[Free-text object descriptions]
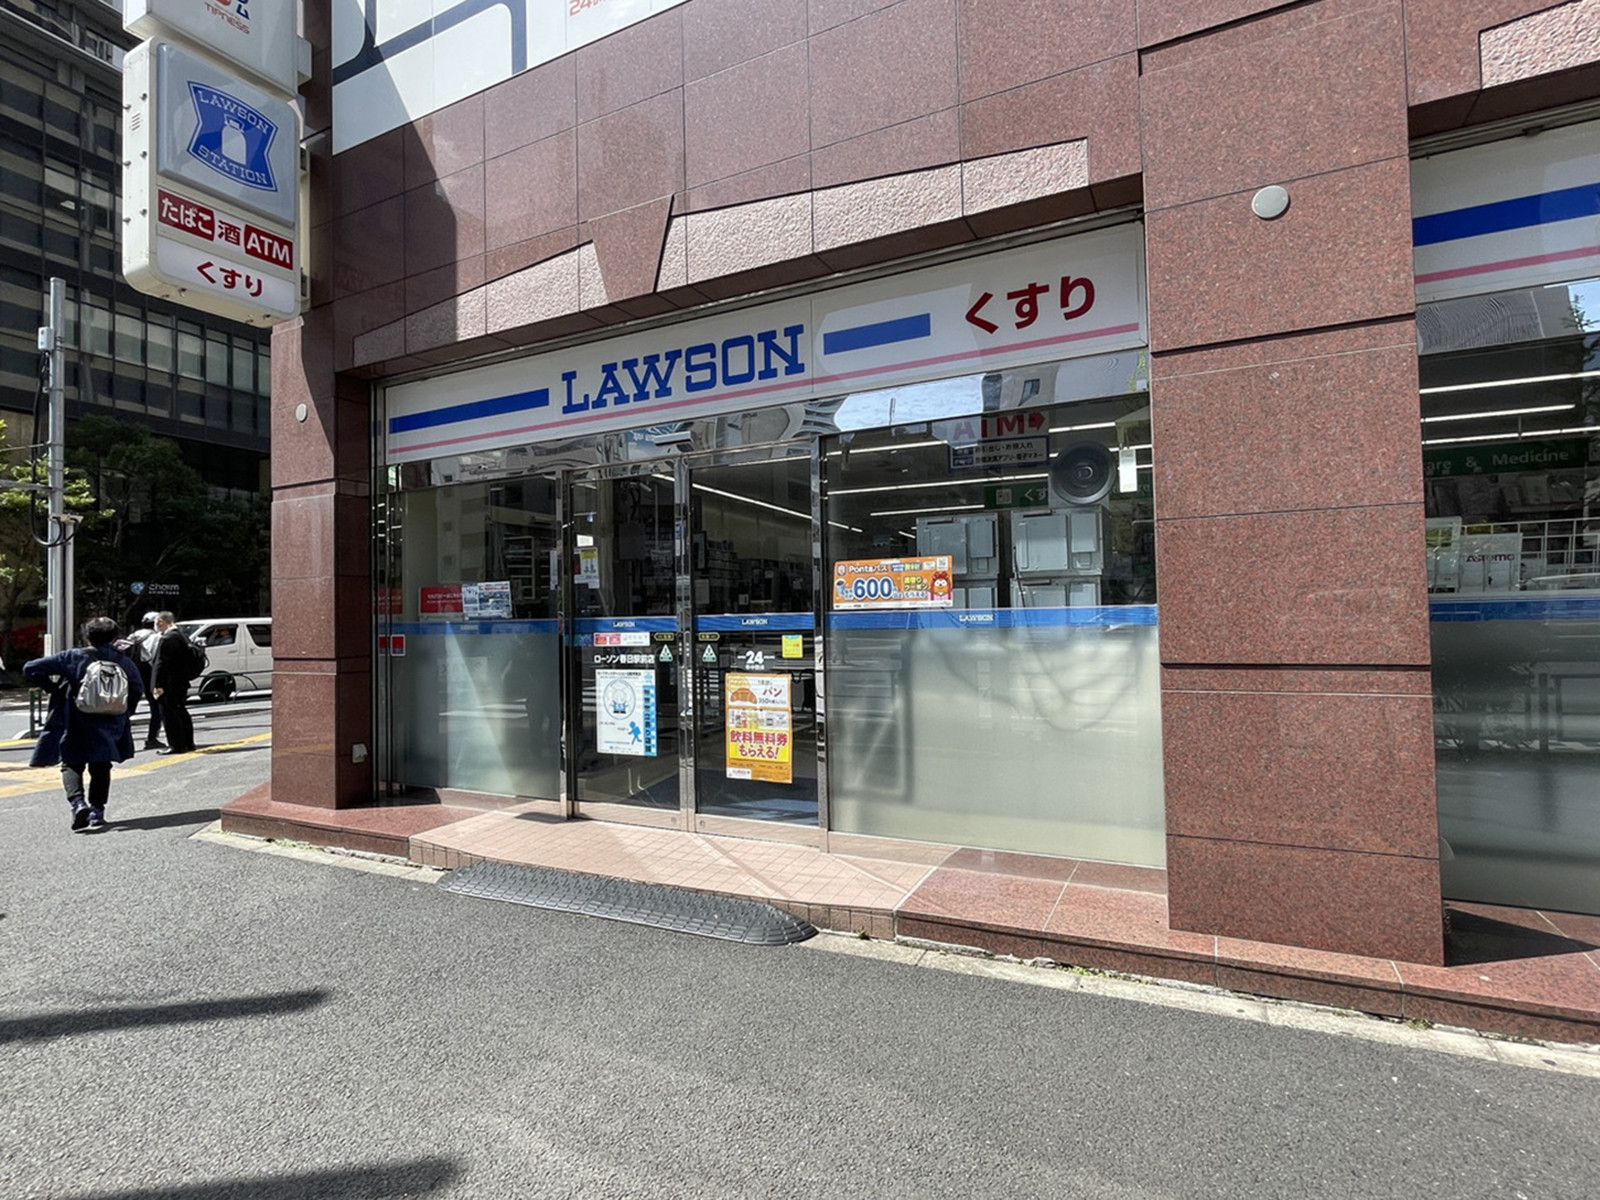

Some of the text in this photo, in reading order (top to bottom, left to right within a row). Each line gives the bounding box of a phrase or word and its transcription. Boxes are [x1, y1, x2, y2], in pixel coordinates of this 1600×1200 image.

[204, 1, 250, 34] TIPNESS
[197, 90, 269, 134] LAWSON
[197, 144, 268, 184] STATION
[161, 197, 291, 264] たばこ 酒 ATM
[196, 261, 263, 297] くすり
[965, 275, 1096, 334] くすり
[561, 324, 805, 414] LAWSON
[1492, 448, 1569, 466] Medicine
[853, 577, 891, 600] 600
[745, 650, 765, 664] 24
[762, 686, 783, 698] パン
[730, 730, 788, 746] 飲料無料券

### EXERCISE INSTRUCTIONS
Leave out the pictures and set down all of the data exactly.

### RESPONSE AREA
Some of the text in this photo, in reading order (top to bottom, left to right within a row). Each line gives the bounding box of a phrase or word and its transcription. Boxes are [x1, y1, x2, y2], in pixel coordinates of this 1600×1200 image.

[204, 1, 250, 34] TIPNESS
[197, 90, 269, 134] LAWSON
[197, 144, 268, 184] STATION
[161, 197, 291, 264] たばこ 酒 ATM
[196, 261, 263, 297] くすり
[965, 275, 1096, 334] くすり
[561, 324, 805, 414] LAWSON
[1492, 448, 1569, 466] Medicine
[853, 577, 891, 600] 600
[745, 650, 765, 664] 24
[762, 686, 783, 698] パン
[730, 730, 788, 746] 飲料無料券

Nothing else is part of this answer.